The industry-analyst firm Technavio predicts the education app market
will continue to grow at a compound annual rate of more than 28 percent
through 2020, to nearly $6 billion. A 2016 survey by the Consortium for
School Networking found nearly all its members (mostly school district
education-technology officials) are using or plan to use digital open
educational resources in the next three years, but fewer than half have
clear policies on how apps are selected and used to safeguard students'
privacy and teachers' intellectual property.
"For a lot of districts, [app security] hasn't come up yet," said Steve
Smith, the chief information officer for the Cambridge, Mass., public
schools. "If they are not thinking about data privacy and they are
being pushed to use a lot of free online resources, there is potential
for a lot of student-data leaks."
The 22,000-student Green Bay district in Wisconsin became aware of the
challenges in 2014, as it began to integrate tablet- and cloud-based
software into classrooms. Diane Doersch, Green Bay's chief technology
and information officer, said that within a few years, she found
herself combing through 10 to 15 app service agreements every month—"It
was taking forever; every review of a terms of service agreement was
taking two hours"—only to find other apps being used informally.

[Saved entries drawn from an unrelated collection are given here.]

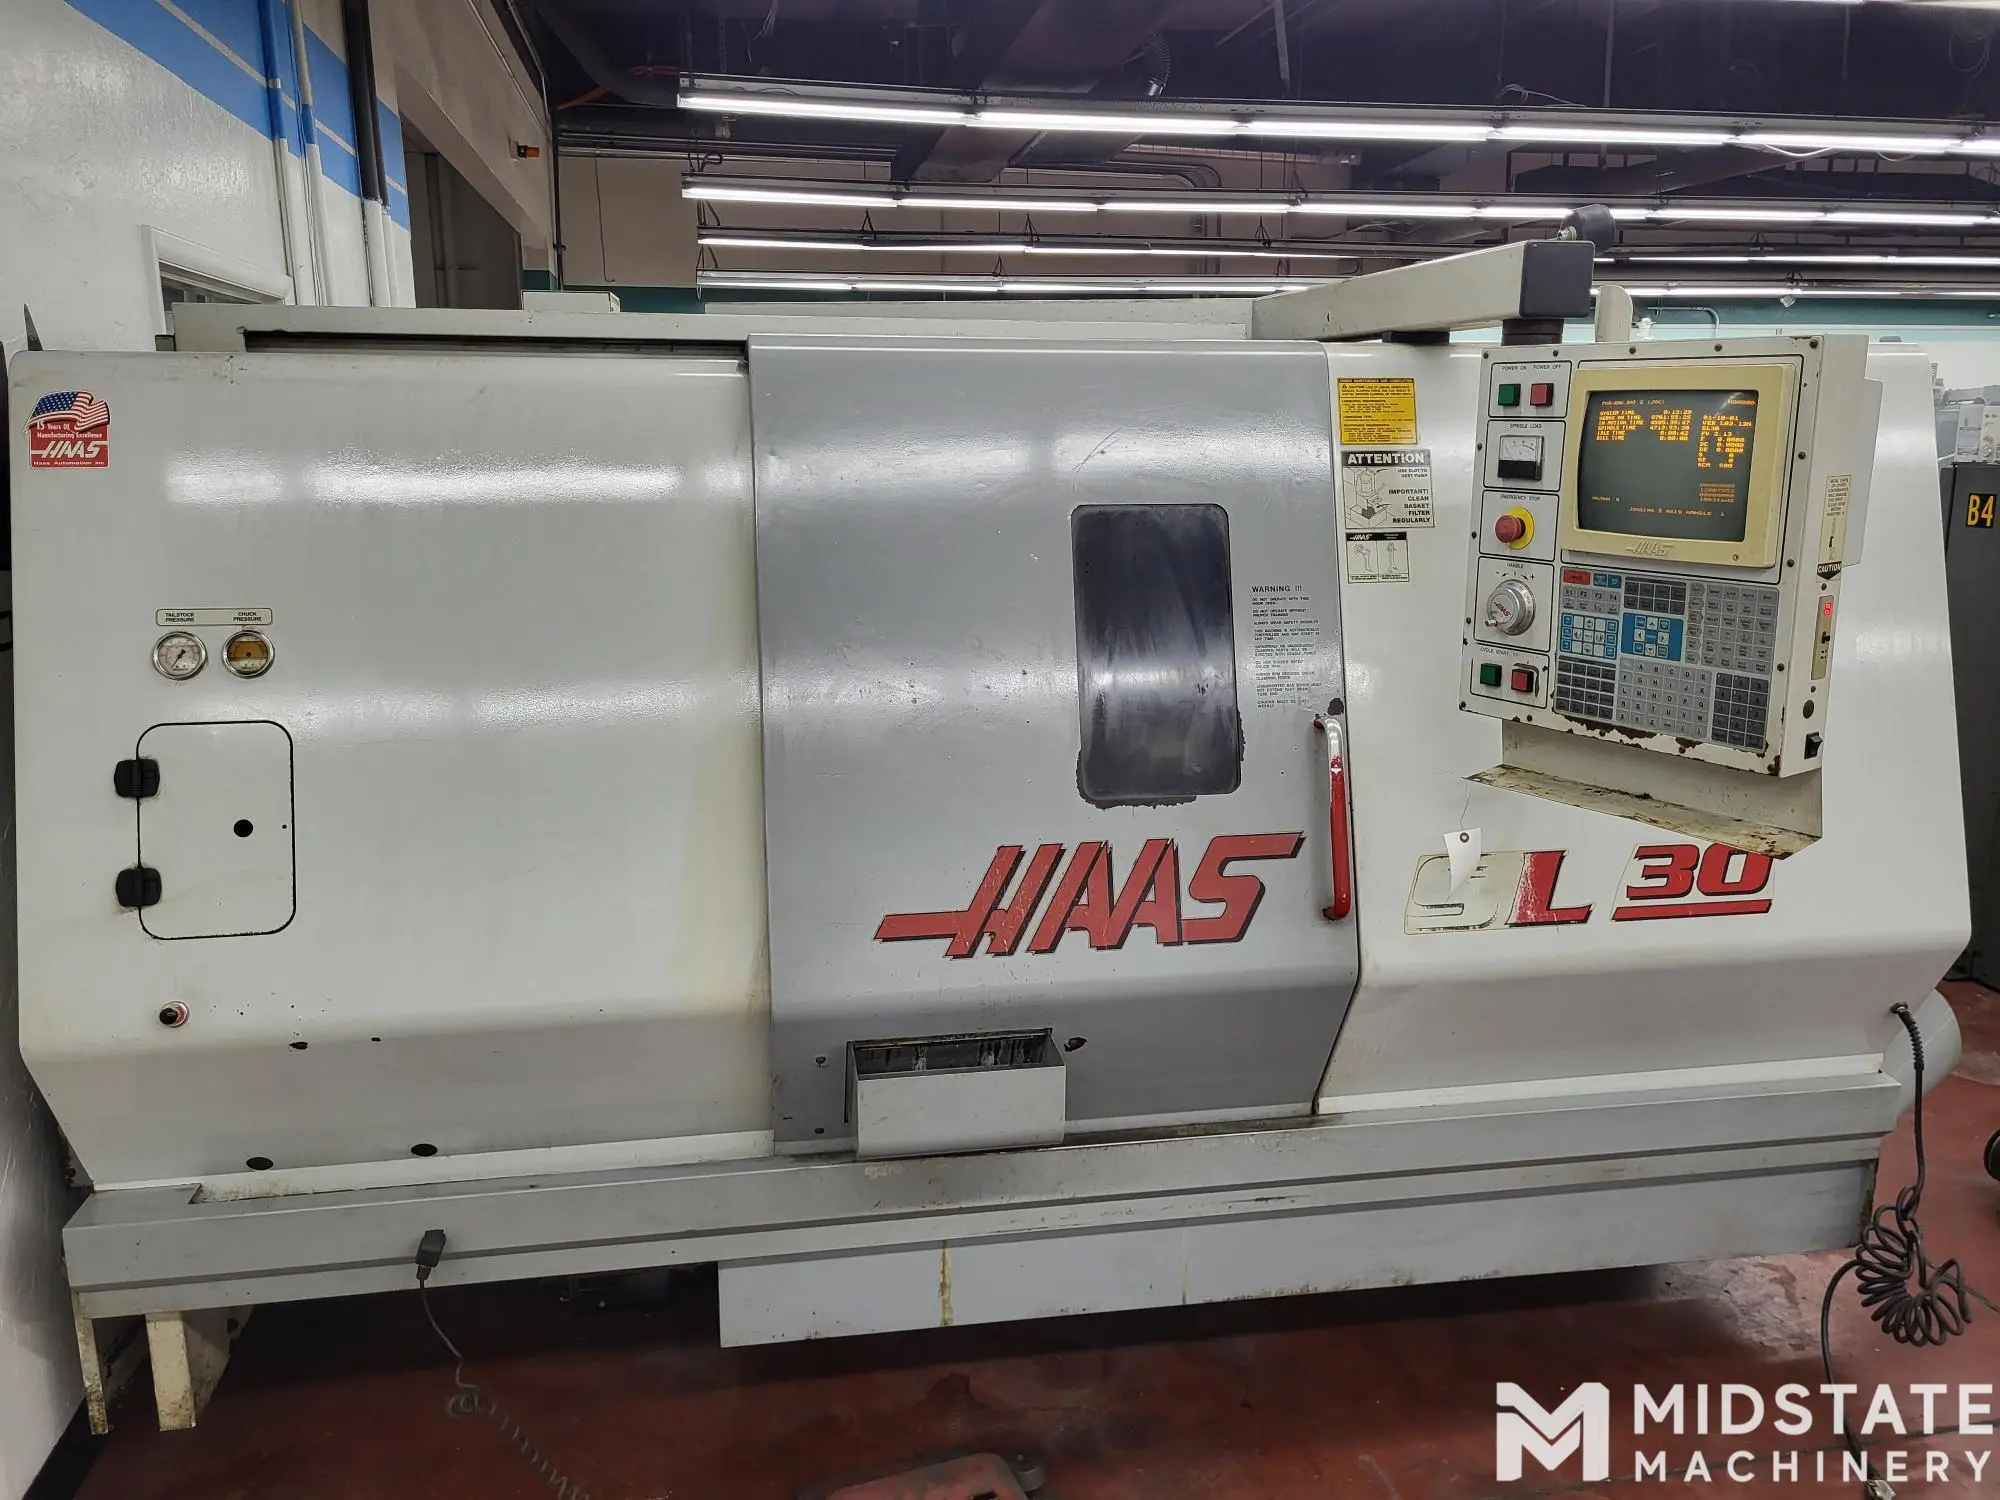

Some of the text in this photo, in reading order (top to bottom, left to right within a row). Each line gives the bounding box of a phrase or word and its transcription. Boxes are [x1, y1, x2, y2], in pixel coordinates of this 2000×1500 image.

[32, 441, 109, 458] HAAS
[1347, 452, 1424, 464] ATTENTION
[1967, 494, 1994, 527] B4
[1818, 564, 1841, 574] CAUTION
[1626, 843, 1773, 899] 30
[874, 831, 1306, 960] HAAS

Many districts have lists of approved apps for teachers or students to
use, Smith said, but they often have been vetted by educators or
curriculum experts for their pedagogical quality, not by technology or
legal experts analyzing terms of service. Even in those districts that
do vet apps holistically, it's tough to keep on top of changes and
updates in approved lists of hundreds or thousands of apps.

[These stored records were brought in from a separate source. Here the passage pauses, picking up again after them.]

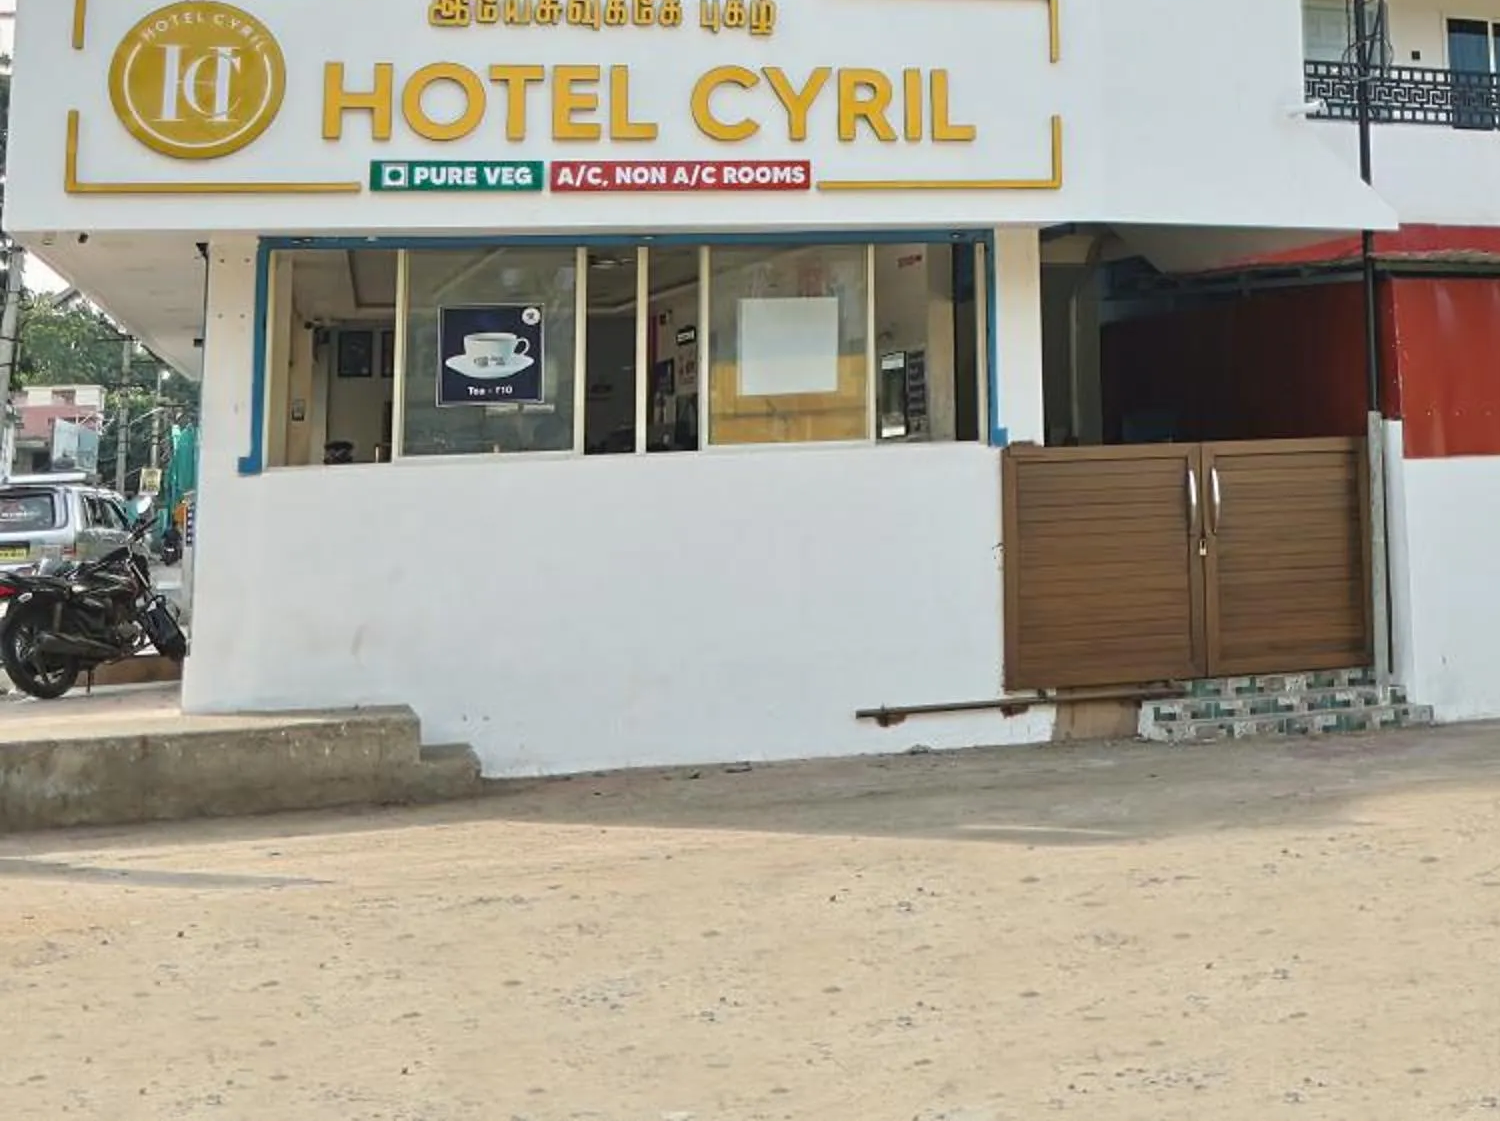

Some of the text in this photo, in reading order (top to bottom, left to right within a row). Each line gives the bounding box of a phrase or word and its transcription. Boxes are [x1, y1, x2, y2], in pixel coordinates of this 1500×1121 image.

[140, 12, 206, 43] HOTEL
[321, 61, 976, 142] HOTEL CYRIL
[413, 166, 533, 186] PURE VEG
[557, 165, 806, 187] A/C, NON A/C ROOMS
[467, 386, 486, 396] Tea

A 2016 study led by researchers from Carnegie Mellon University
compared the written privacy policies of nearly 18,000 free apps
targeted to children to the actual computer code that ran the
applications. It found that out of more than 9,000 apps that had a
privacy policy, more than half had conflicts between what the privacy
policy said the app did and what the code revealed that it actually did.

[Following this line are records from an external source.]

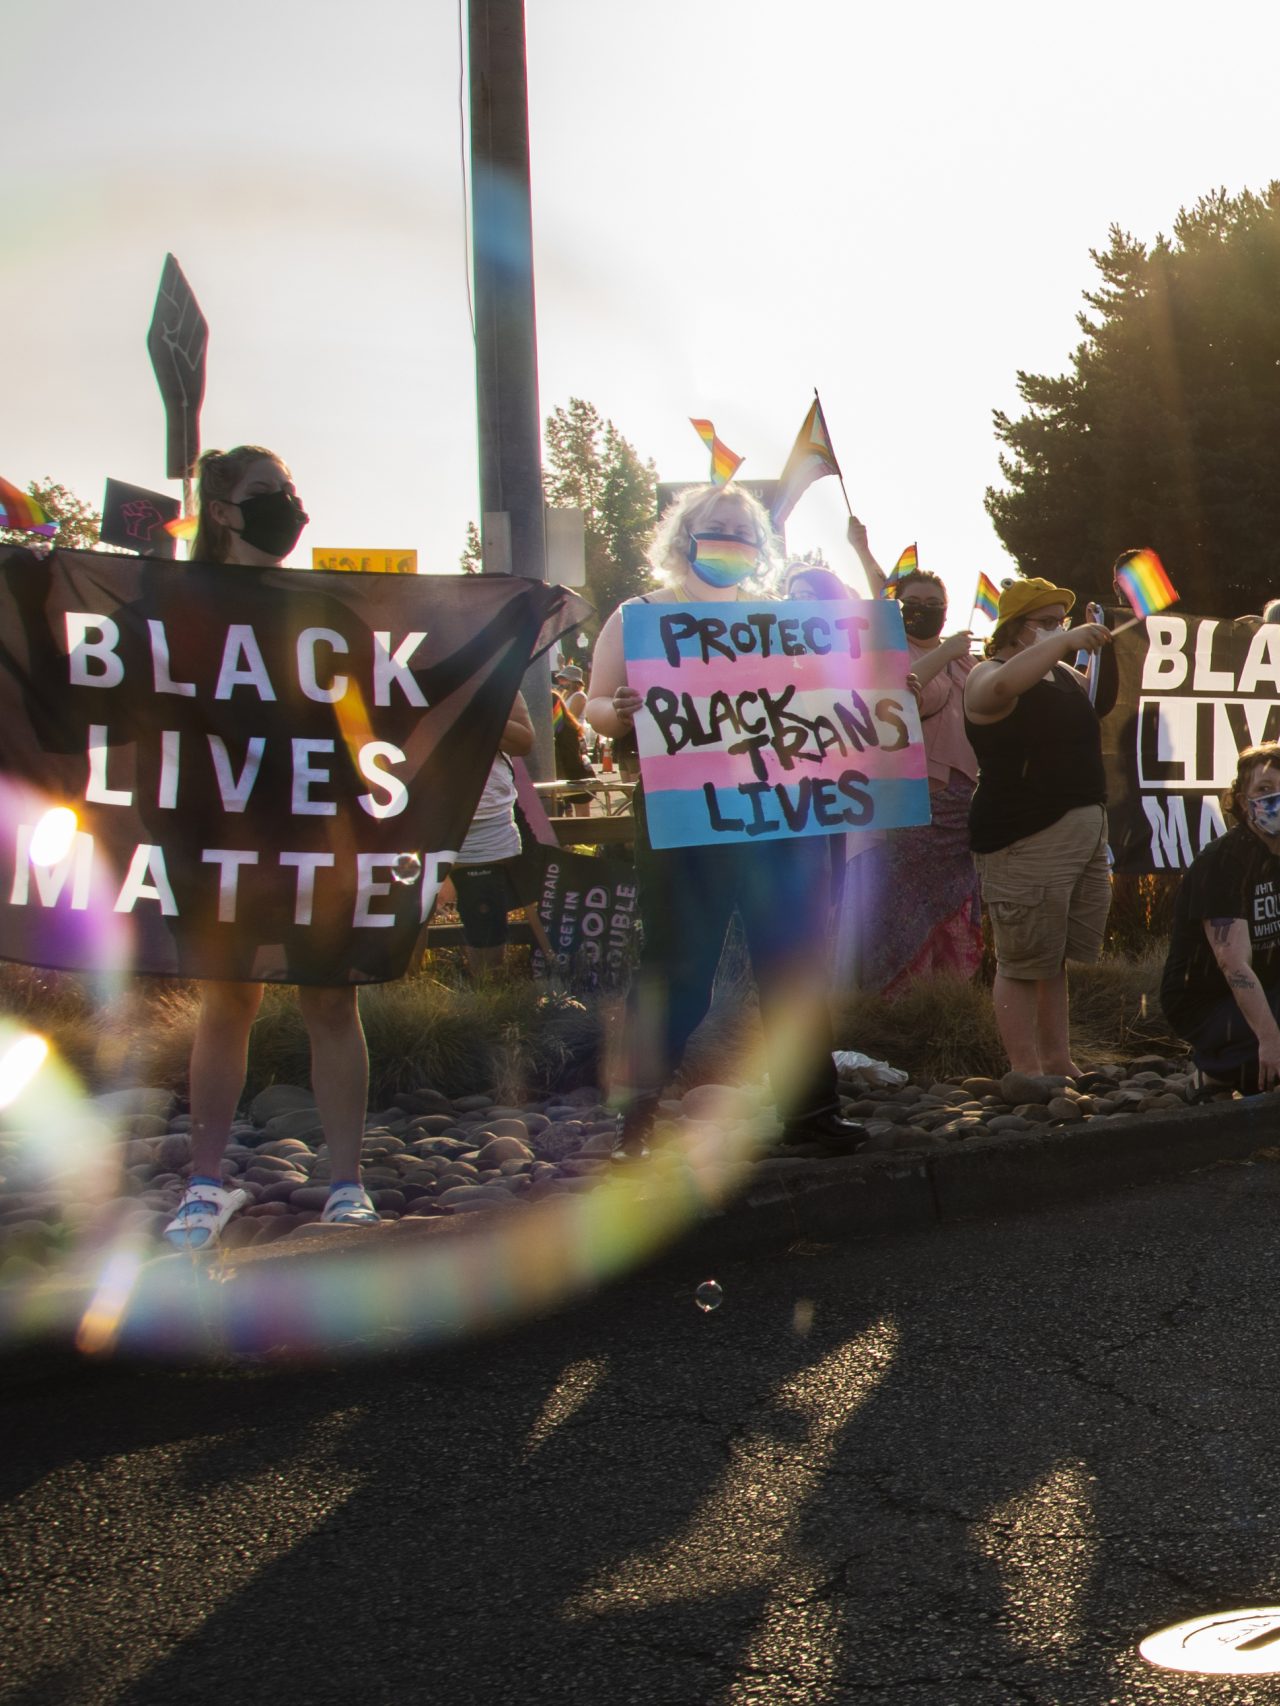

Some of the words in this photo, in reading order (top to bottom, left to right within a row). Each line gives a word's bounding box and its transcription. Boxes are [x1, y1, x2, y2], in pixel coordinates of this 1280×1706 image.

[66, 611, 430, 708] BLACK
[659, 612, 870, 668] PROTECT
[645, 684, 816, 755] BLACK
[728, 689, 910, 782] TRANS
[85, 724, 409, 819] LIVES
[703, 769, 875, 836] LIVES
[540, 863, 560, 921] AFRAID
[563, 890, 581, 910] IN
[560, 913, 577, 947] GET
[606, 884, 637, 984] OUBLE

Among the most common sins were those of omission: companies that
collected location or time-on-task data without disclosing that
information. For example, more than 40 percent of the apps collected
location information, and 17 percent shared data with other companies
without saying so in their privacy policies.
"It's great to have innovative schools and teachers taking advantage of
all these tools, but they have to know what they are getting into,"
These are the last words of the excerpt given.